Lechowi do zdobycia tytułu wicemistrza wystarczył remis, Jaga walczyła o jak najwyższe miejsce na koniec sezonu. Do ugrania była nawet 5 lokata. Gospodarze postanowili jednak nie trzymać kibiców w niepewności, bo już od pierwszych minut ruszyli na bramkę żółto-czerownych.
Już w 6. minucie do siatki Jagi trafił Pedro Tiba, potrzebna była jeszcze wideoweryfikacja VAR, po której sędzia uznała bramkę. Lech poszedł za ciosem i w 16 minucie . snajper Lecha Christian Gytkjaer podwyższył wynik no 2:0.

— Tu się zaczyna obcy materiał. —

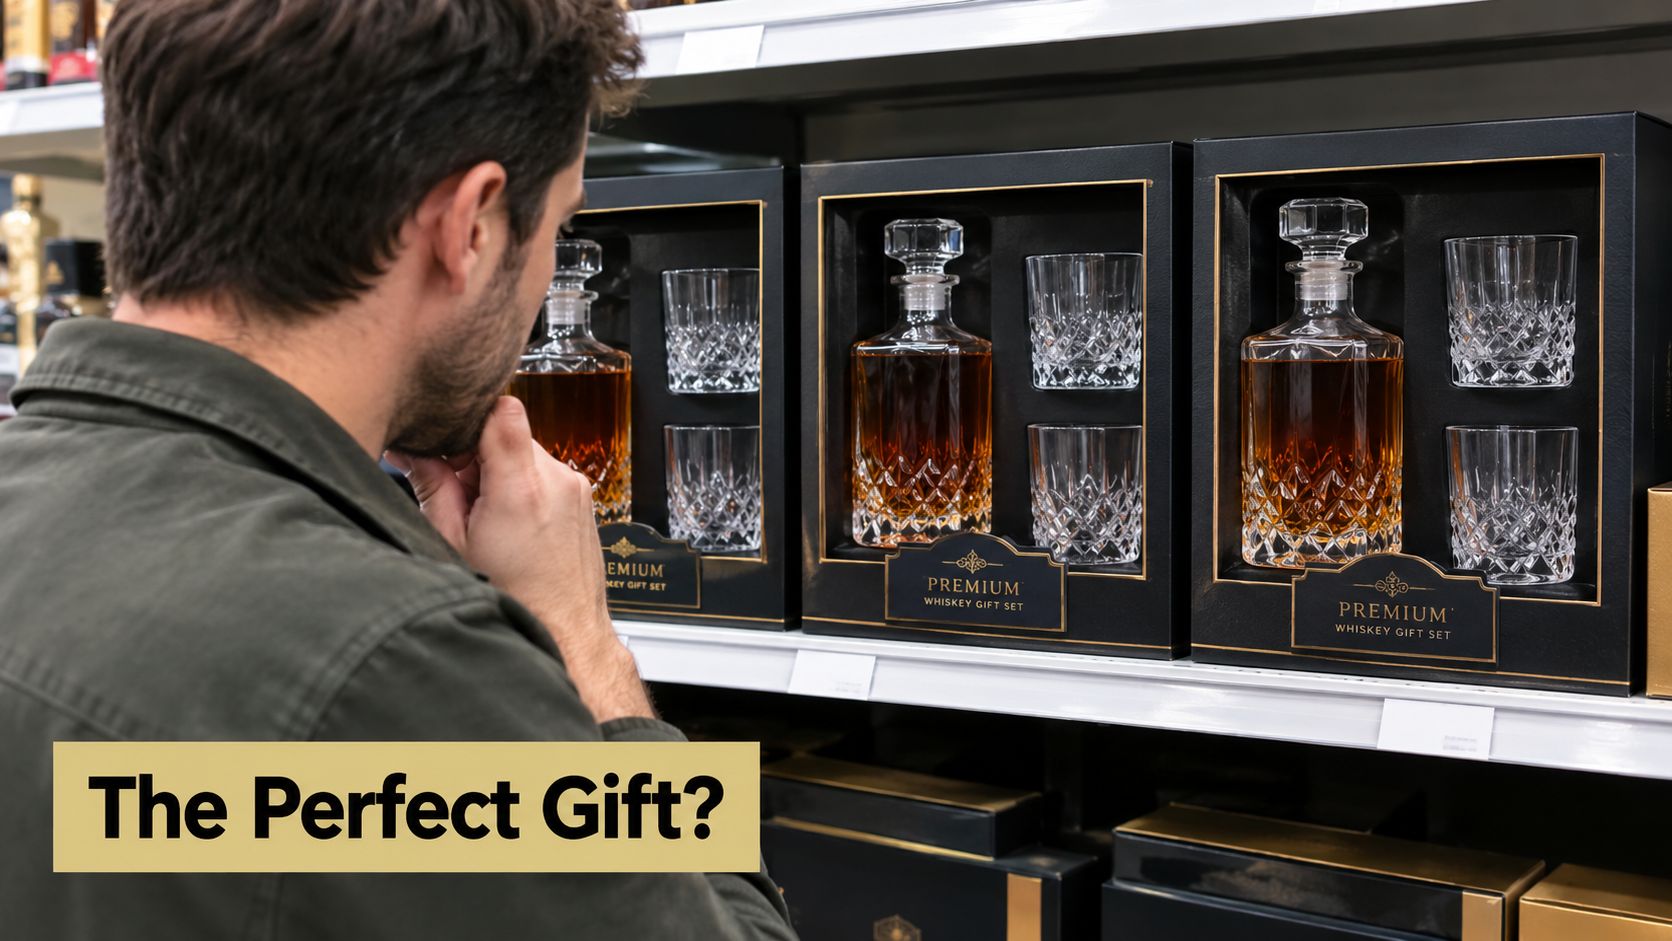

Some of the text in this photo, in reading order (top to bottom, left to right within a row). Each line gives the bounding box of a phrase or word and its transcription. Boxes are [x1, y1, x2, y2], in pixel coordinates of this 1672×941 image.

Jaga postraszyła Lecha po 20 minutach gry, najpierw do siatki trafił Jesusa Imaza, ale po analizie VAR b ramka nie została uznana. Za chwile w boczną siatkę trafił Maciej Makuszewski. Po pół godziny gry było już po meczu, obrońców Jagi przechytrzył Jakub Kamiński i golkiper białostoczan Xavier Dziekoński został pokonany po raz trzeci.
Lech nie zamierzał zwalniać tempa i w 39 minucie prowadził już 4:0. Po strzale Kamińskiego piłkę do bramki dobił Gytkjaer.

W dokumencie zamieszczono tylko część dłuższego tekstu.